Collected data
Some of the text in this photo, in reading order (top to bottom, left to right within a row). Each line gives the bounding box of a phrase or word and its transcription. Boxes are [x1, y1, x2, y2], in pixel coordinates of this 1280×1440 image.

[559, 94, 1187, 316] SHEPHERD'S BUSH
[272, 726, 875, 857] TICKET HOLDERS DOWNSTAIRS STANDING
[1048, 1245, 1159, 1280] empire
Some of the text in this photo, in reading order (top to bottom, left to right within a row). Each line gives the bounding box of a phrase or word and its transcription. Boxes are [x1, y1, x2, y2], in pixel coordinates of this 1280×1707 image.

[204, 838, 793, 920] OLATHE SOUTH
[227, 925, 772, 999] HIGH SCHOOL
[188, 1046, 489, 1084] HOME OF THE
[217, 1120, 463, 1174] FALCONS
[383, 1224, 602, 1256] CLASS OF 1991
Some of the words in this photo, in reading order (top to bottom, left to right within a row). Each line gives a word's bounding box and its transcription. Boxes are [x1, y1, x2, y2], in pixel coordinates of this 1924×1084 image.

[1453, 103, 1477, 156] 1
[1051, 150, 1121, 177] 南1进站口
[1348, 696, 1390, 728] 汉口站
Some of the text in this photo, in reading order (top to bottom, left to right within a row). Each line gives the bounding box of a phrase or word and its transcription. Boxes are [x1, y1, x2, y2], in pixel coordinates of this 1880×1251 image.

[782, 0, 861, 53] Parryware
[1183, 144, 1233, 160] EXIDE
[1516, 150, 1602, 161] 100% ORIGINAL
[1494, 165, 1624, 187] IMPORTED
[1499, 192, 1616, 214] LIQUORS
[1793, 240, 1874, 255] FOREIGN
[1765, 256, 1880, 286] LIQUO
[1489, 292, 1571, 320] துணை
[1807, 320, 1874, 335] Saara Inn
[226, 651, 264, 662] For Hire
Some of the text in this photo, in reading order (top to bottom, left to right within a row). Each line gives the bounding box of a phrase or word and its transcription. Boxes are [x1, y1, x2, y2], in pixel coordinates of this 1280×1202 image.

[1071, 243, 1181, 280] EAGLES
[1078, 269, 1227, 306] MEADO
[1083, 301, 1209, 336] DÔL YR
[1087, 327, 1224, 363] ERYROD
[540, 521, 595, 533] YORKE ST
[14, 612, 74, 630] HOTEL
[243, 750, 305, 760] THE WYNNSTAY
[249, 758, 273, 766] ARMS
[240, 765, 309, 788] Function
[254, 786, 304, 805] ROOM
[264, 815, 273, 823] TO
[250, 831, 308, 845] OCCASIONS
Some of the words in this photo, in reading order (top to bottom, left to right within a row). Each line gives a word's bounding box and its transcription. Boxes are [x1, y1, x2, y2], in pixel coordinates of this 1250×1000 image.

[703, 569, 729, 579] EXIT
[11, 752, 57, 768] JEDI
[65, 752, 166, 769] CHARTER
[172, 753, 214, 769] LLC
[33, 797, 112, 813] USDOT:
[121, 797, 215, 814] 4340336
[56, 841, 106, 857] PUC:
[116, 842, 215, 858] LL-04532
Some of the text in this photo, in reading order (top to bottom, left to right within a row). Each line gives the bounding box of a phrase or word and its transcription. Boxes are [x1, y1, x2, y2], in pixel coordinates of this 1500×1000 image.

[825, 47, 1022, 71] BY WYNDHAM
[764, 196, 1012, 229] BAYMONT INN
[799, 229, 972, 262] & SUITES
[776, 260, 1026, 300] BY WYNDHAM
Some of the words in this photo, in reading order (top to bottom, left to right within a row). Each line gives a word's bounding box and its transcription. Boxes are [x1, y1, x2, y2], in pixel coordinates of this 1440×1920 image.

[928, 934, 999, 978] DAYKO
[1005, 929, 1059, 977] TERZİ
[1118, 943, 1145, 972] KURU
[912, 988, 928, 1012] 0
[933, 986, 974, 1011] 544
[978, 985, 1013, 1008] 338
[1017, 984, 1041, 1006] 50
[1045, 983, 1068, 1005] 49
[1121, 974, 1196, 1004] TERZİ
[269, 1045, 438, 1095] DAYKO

▶ _INSTRUCTIONS TO FOLLOW_:
Please repeat every entry, exactly as it was written.

▶ _EXERCISE RESPONSE_:
Some of the text in this photo, in reading order (top to bottom, left to right within a row). Each line gives the bounding box of a phrase or word and its transcription. Boxes are [x1, y1, x2, y2], in pixel coordinates of this 1280×1440 image.

[559, 94, 1187, 316] SHEPHERD'S BUSH
[272, 726, 875, 857] TICKET HOLDERS DOWNSTAIRS STANDING
[1048, 1245, 1159, 1280] empire
Some of the text in this photo, in reading order (top to bottom, left to right within a row). Each line gives the bounding box of a phrase or word and its transcription. Boxes are [x1, y1, x2, y2], in pixel coordinates of this 1280×1707 image.

[204, 838, 793, 920] OLATHE SOUTH
[227, 925, 772, 999] HIGH SCHOOL
[188, 1046, 489, 1084] HOME OF THE
[217, 1120, 463, 1174] FALCONS
[383, 1224, 602, 1256] CLASS OF 1991
Some of the words in this photo, in reading order (top to bottom, left to right within a row). Each line gives a word's bounding box and its transcription. Boxes are [x1, y1, x2, y2], in pixel coordinates of this 1924×1084 image.

[1453, 103, 1477, 156] 1
[1051, 150, 1121, 177] 南1进站口
[1348, 696, 1390, 728] 汉口站
Some of the text in this photo, in reading order (top to bottom, left to right within a row). Each line gives the bounding box of a phrase or word and its transcription. Boxes are [x1, y1, x2, y2], in pixel coordinates of this 1880×1251 image.

[782, 0, 861, 53] Parryware
[1183, 144, 1233, 160] EXIDE
[1516, 150, 1602, 161] 100% ORIGINAL
[1494, 165, 1624, 187] IMPORTED
[1499, 192, 1616, 214] LIQUORS
[1793, 240, 1874, 255] FOREIGN
[1765, 256, 1880, 286] LIQUO
[1489, 292, 1571, 320] துணை
[1807, 320, 1874, 335] Saara Inn
[226, 651, 264, 662] For Hire
Some of the text in this photo, in reading order (top to bottom, left to right within a row). Each line gives the bounding box of a phrase or word and its transcription. Boxes are [x1, y1, x2, y2], in pixel coordinates of this 1280×1202 image.

[1071, 243, 1181, 280] EAGLES
[1078, 269, 1227, 306] MEADO
[1083, 301, 1209, 336] DÔL YR
[1087, 327, 1224, 363] ERYROD
[540, 521, 595, 533] YORKE ST
[14, 612, 74, 630] HOTEL
[243, 750, 305, 760] THE WYNNSTAY
[249, 758, 273, 766] ARMS
[240, 765, 309, 788] Function
[254, 786, 304, 805] ROOM
[264, 815, 273, 823] TO
[250, 831, 308, 845] OCCASIONS
Some of the words in this photo, in reading order (top to bottom, left to right within a row). Each line gives a word's bounding box and its transcription. Boxes are [x1, y1, x2, y2], in pixel coordinates of this 1250×1000 image.

[703, 569, 729, 579] EXIT
[11, 752, 57, 768] JEDI
[65, 752, 166, 769] CHARTER
[172, 753, 214, 769] LLC
[33, 797, 112, 813] USDOT:
[121, 797, 215, 814] 4340336
[56, 841, 106, 857] PUC:
[116, 842, 215, 858] LL-04532
Some of the text in this photo, in reading order (top to bottom, left to right within a row). Each line gives the bounding box of a phrase or word and its transcription. Boxes are [x1, y1, x2, y2], in pixel coordinates of this 1500×1000 image.

[825, 47, 1022, 71] BY WYNDHAM
[764, 196, 1012, 229] BAYMONT INN
[799, 229, 972, 262] & SUITES
[776, 260, 1026, 300] BY WYNDHAM
Some of the words in this photo, in reading order (top to bottom, left to right within a row). Each line gives a word's bounding box and its transcription. Boxes are [x1, y1, x2, y2], in pixel coordinates of this 1440×1920 image.

[928, 934, 999, 978] DAYKO
[1005, 929, 1059, 977] TERZİ
[1118, 943, 1145, 972] KURU
[912, 988, 928, 1012] 0
[933, 986, 974, 1011] 544
[978, 985, 1013, 1008] 338
[1017, 984, 1041, 1006] 50
[1045, 983, 1068, 1005] 49
[1121, 974, 1196, 1004] TERZİ
[269, 1045, 438, 1095] DAYKO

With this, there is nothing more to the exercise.